McMaster researcher leads recommendations for chronic pain during pandemic

Harsha Shanthanna is an associate professor and the associate chair of research of the Department of Anesthesia at McMaster University. Photo by Georgia Kirkos

An international team of experts, led by a McMaster University associate professor, recognized a knowledge gap around caring for chronic pain patients during the COVID-19 pandemic, and moved quickly to create a set of clinical practice recommendations.

Harsha Shanthanna, an associate professor and the associate chair of research of the Department of Anesthesia, led the team.
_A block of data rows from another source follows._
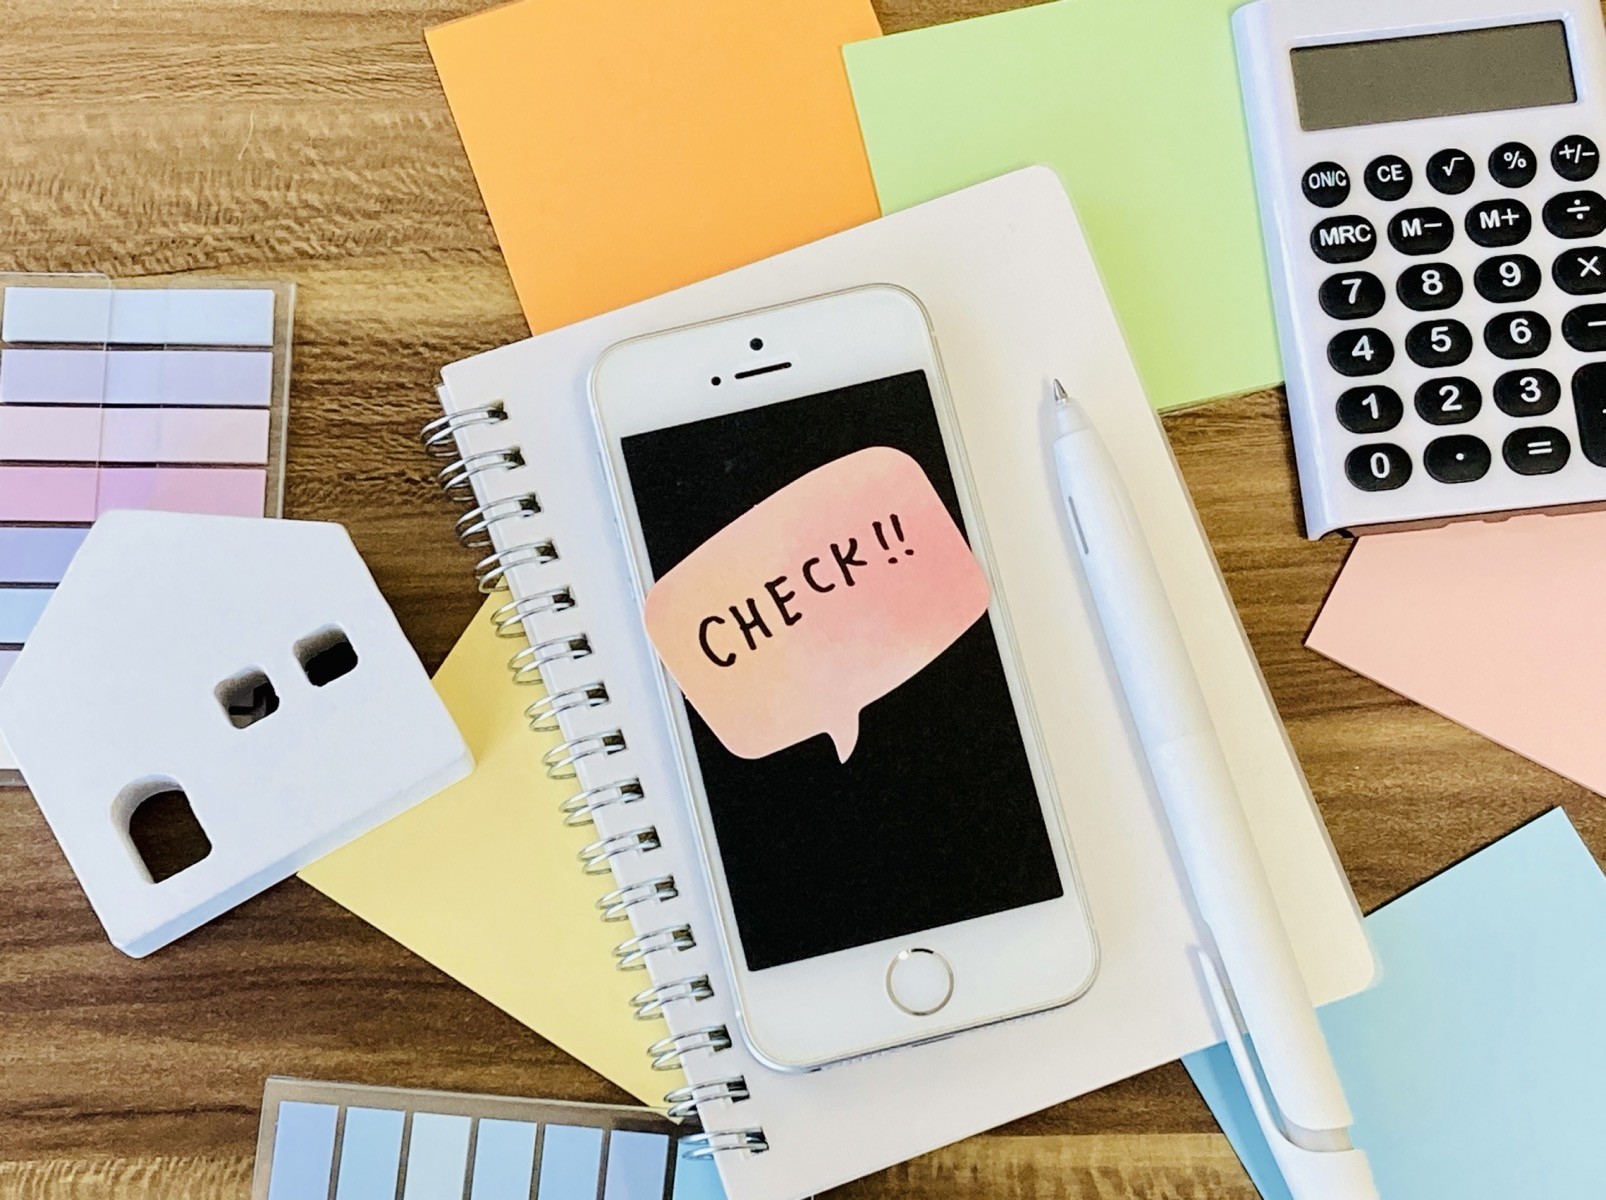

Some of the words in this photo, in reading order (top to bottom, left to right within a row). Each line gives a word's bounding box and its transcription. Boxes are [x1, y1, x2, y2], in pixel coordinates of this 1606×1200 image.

[1504, 151, 1526, 168] %
[1308, 170, 1347, 189] ON/C
[1377, 165, 1404, 182] CE
[1480, 209, 1519, 228] M+
[1319, 223, 1372, 246] MRC
[1422, 270, 1443, 295] 8
[1500, 262, 1521, 286] 9
[1342, 279, 1361, 303] 7
[1431, 327, 1451, 352] 5
[1510, 319, 1531, 343] 6
[1352, 336, 1374, 360] 4
[1439, 385, 1462, 411] 2
[1520, 377, 1541, 402] 3
[1362, 393, 1378, 419] 1
[1371, 453, 1390, 478] 0
[699, 514, 914, 667] CHECK!!
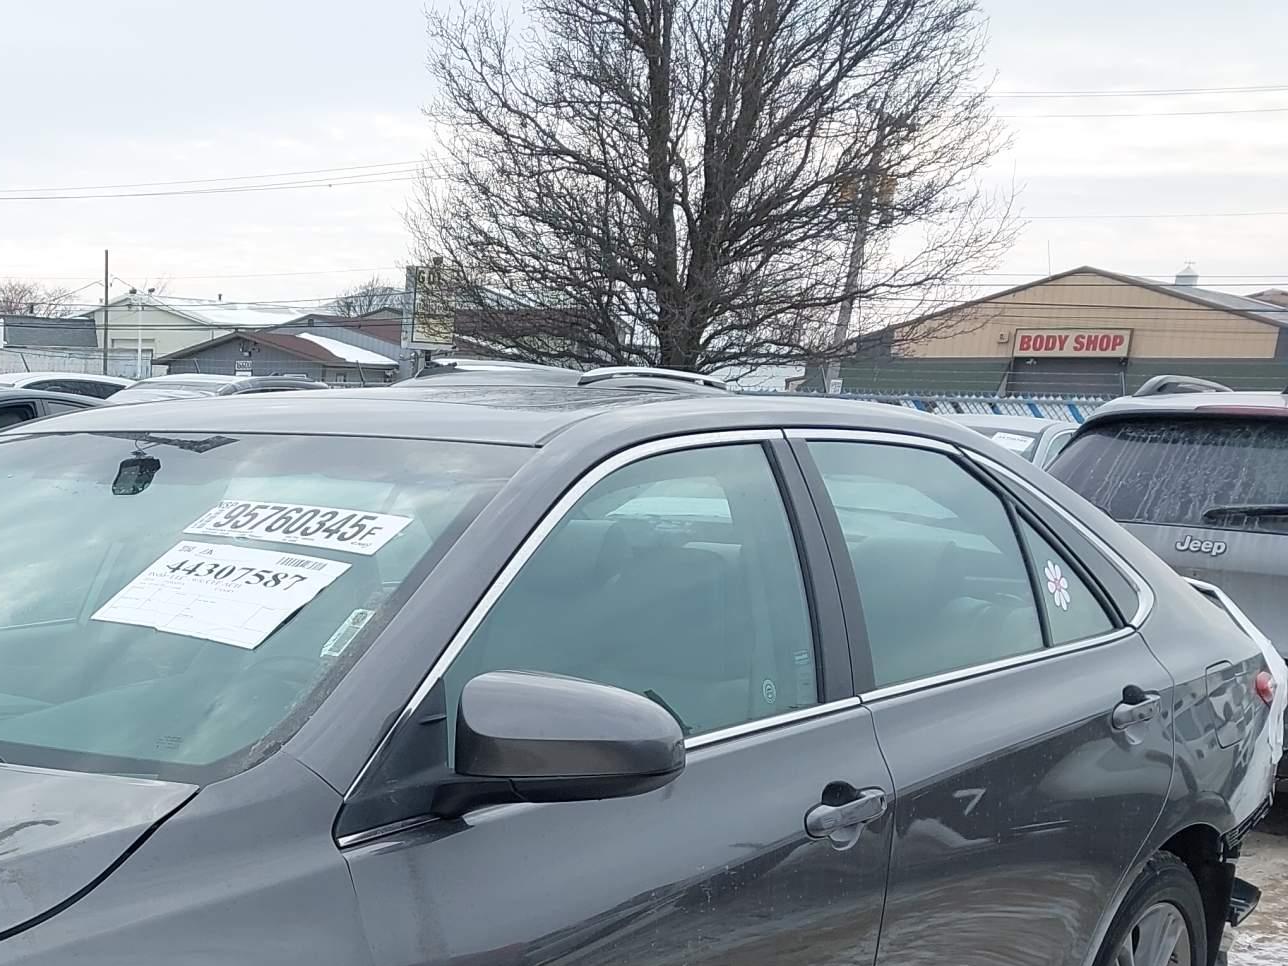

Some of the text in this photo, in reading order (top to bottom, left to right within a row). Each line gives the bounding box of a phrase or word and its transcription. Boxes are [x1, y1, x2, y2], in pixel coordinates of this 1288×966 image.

[1019, 334, 1125, 352] BODY SHOP
[213, 502, 379, 542] 95760345
[1175, 534, 1227, 557] Jeep
[166, 559, 308, 591] 44307587
He is also an anesthetist and pain physician at St. Joseph’s Healthcare Hamilton.

The recommendations are intended to help guide health-care providers in the care of chronic pain patients during this pandemic and were published by the journal Anaesthesia on April 7.
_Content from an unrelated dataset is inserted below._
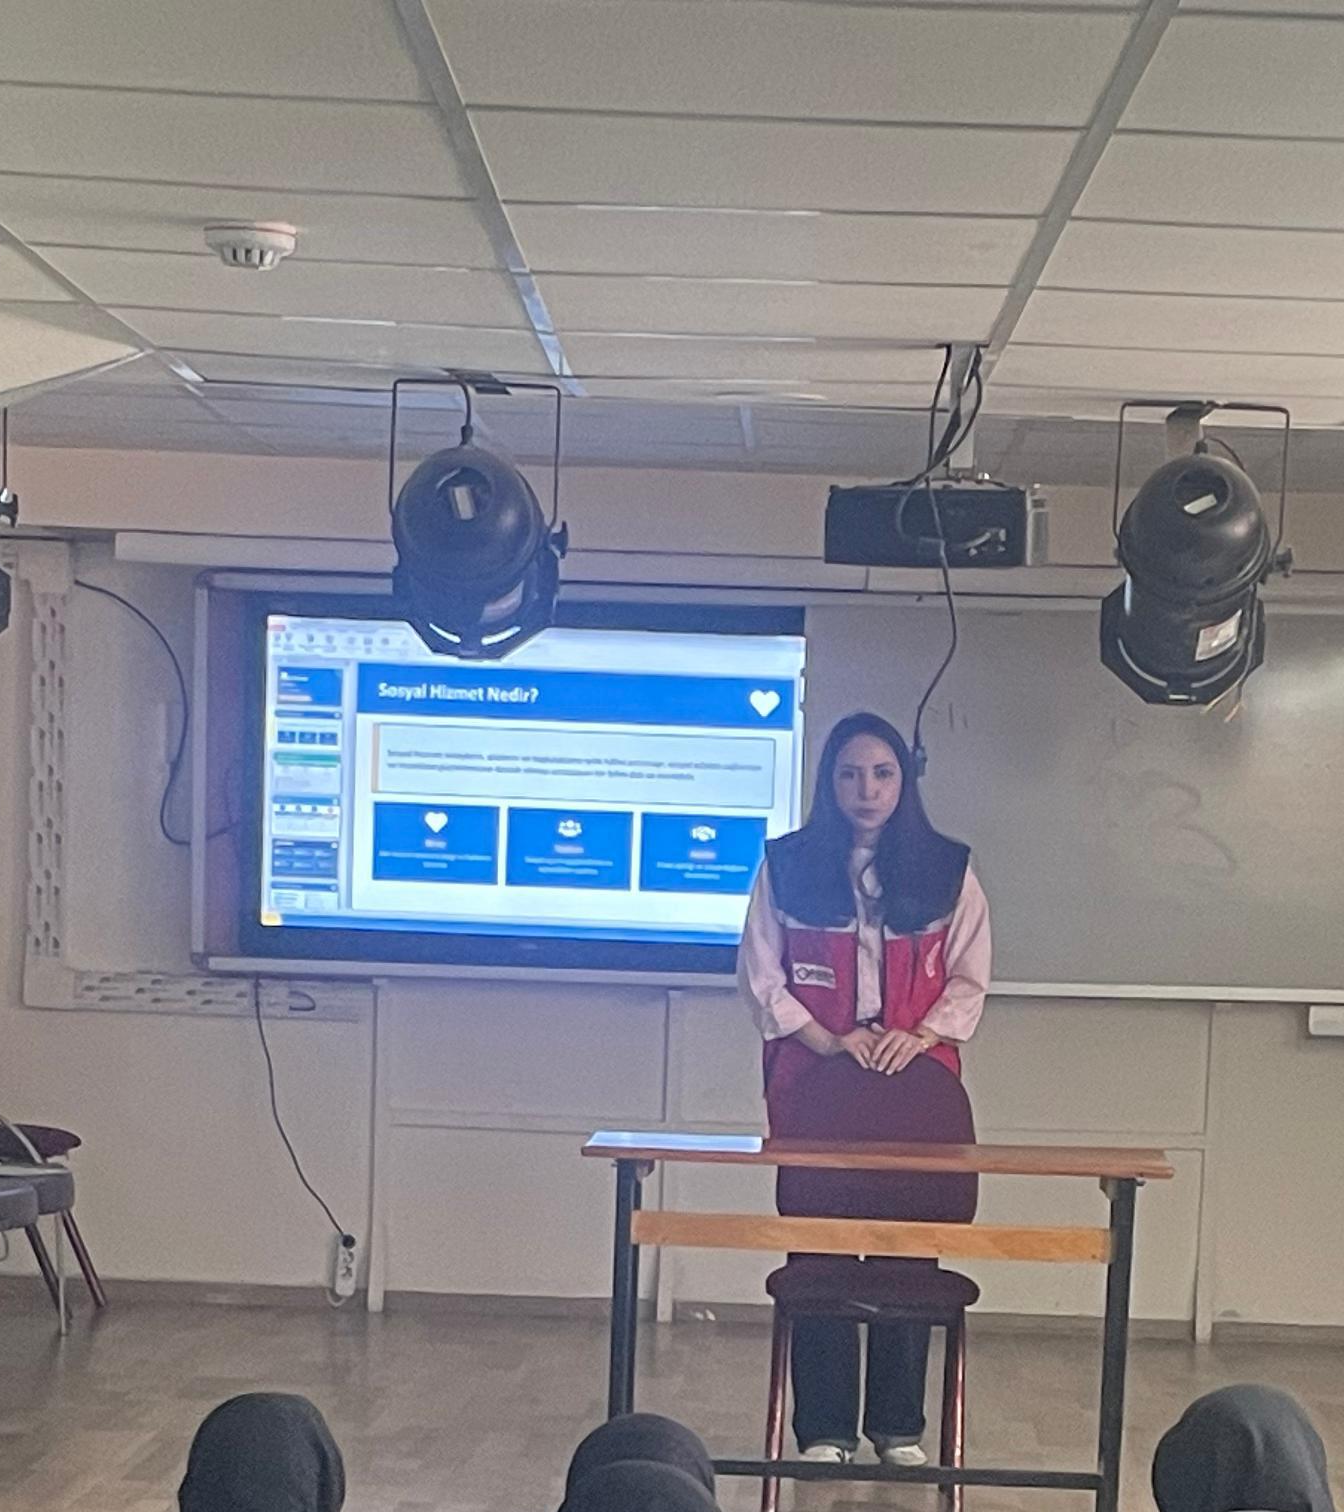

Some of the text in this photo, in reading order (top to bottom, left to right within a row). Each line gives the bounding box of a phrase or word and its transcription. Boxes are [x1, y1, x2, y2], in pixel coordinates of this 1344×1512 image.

[378, 682, 539, 703] Sosyal Hizmet Nedir?
They were released late last month by the American Society of Regional Anesthesia and Pain Medicine and the European Society of Regional Anesthesia and Pain.
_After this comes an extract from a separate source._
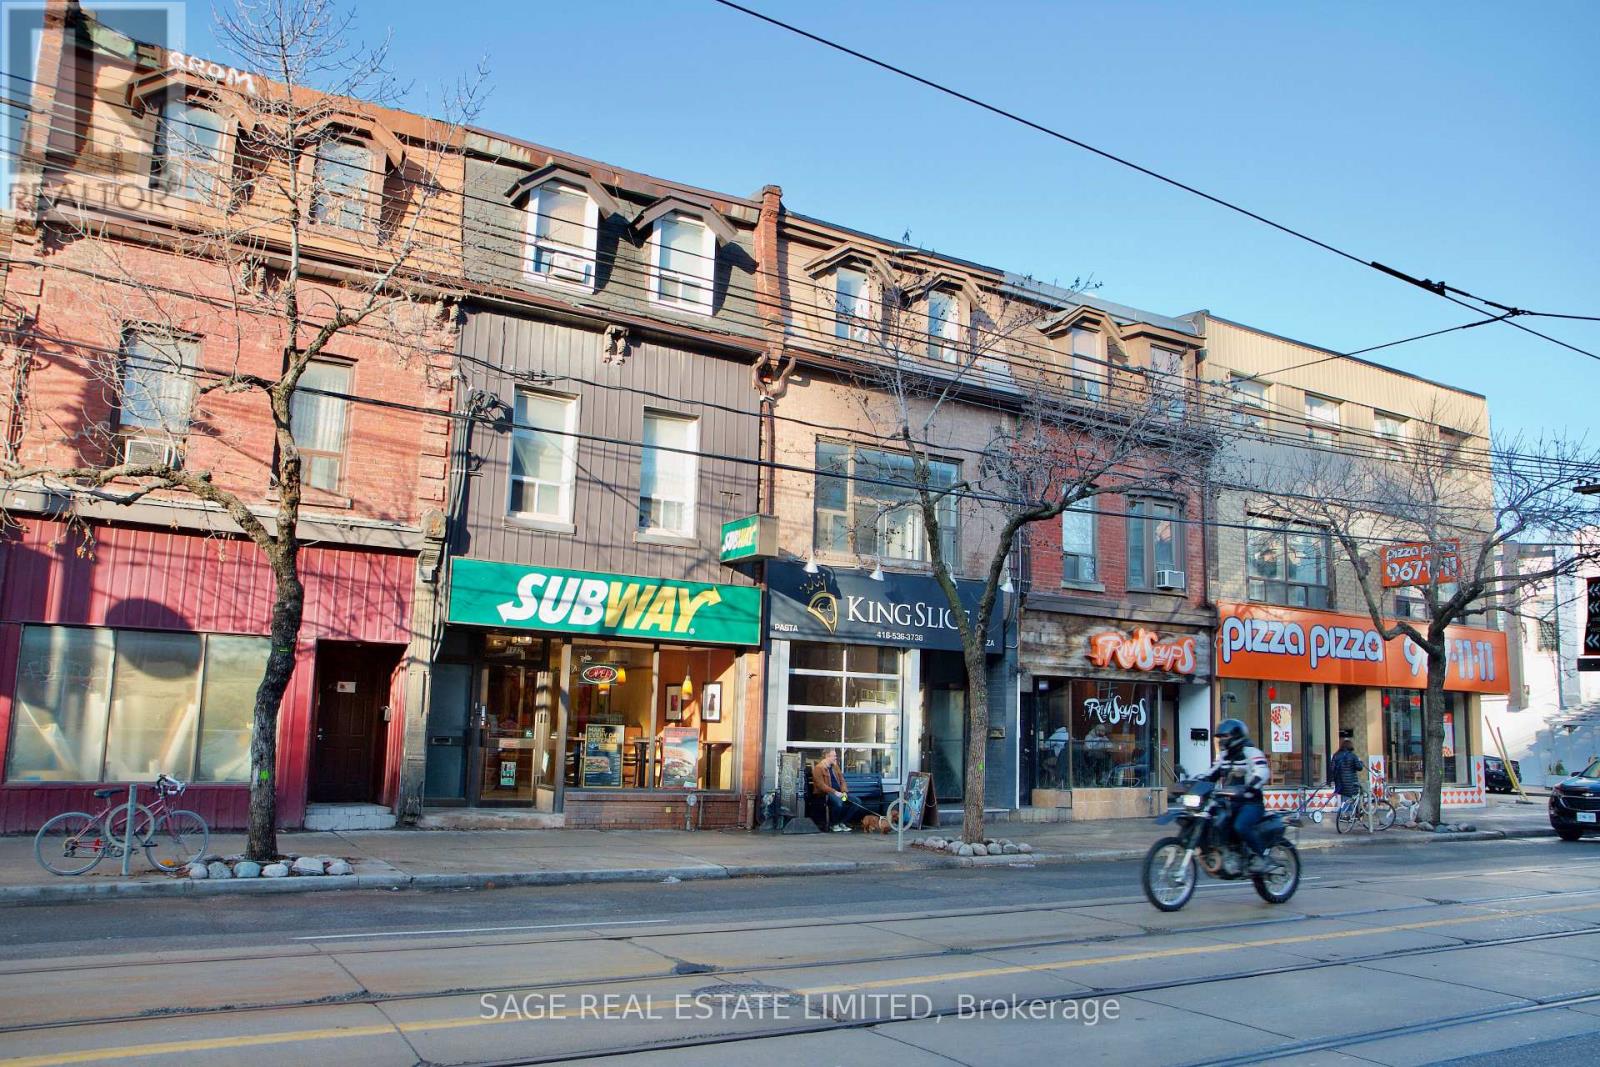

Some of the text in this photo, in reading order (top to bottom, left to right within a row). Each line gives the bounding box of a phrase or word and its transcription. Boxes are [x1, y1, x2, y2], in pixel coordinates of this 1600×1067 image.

[723, 525, 757, 552] SUBWAY
[497, 573, 721, 633] SUBWAY
[1222, 616, 1384, 670] pizza pizza
“A significant population suffers from chronic pain and loss of care and continuity can be extremely challenging and distressing,” said Shanthanna. “It can further exacerbate the need for opioids, considering people are isolated and a lot of chronic pain patients suffer from depression.”

Key messages of the recommendations are:

  • Being elderly and with multiple comorbidities, chronic pain patients may be more susceptible to COVID-19
  • Continuity of care, including ongoing prescriptions of opioids, should be managed using appropriate telemedicine technology
  • Certain therapies still necessitate in-patient visits to minimize serious complications
  • Use of steroids in interventional pain procedures may induce immune suppression
  • Whenever possible, online self-management programs that integrate components of exercise, sleep hygiene, pacing and healthy lifestyle should be considered.

The team included physicians from Canada, United States, United Kingdom, the Netherlands and Portugal.

“No such recommendations existed, and these were needed,” said Shanthanna. “They are very comprehensive and give clear recommendations that can be easily adapted to local practices.”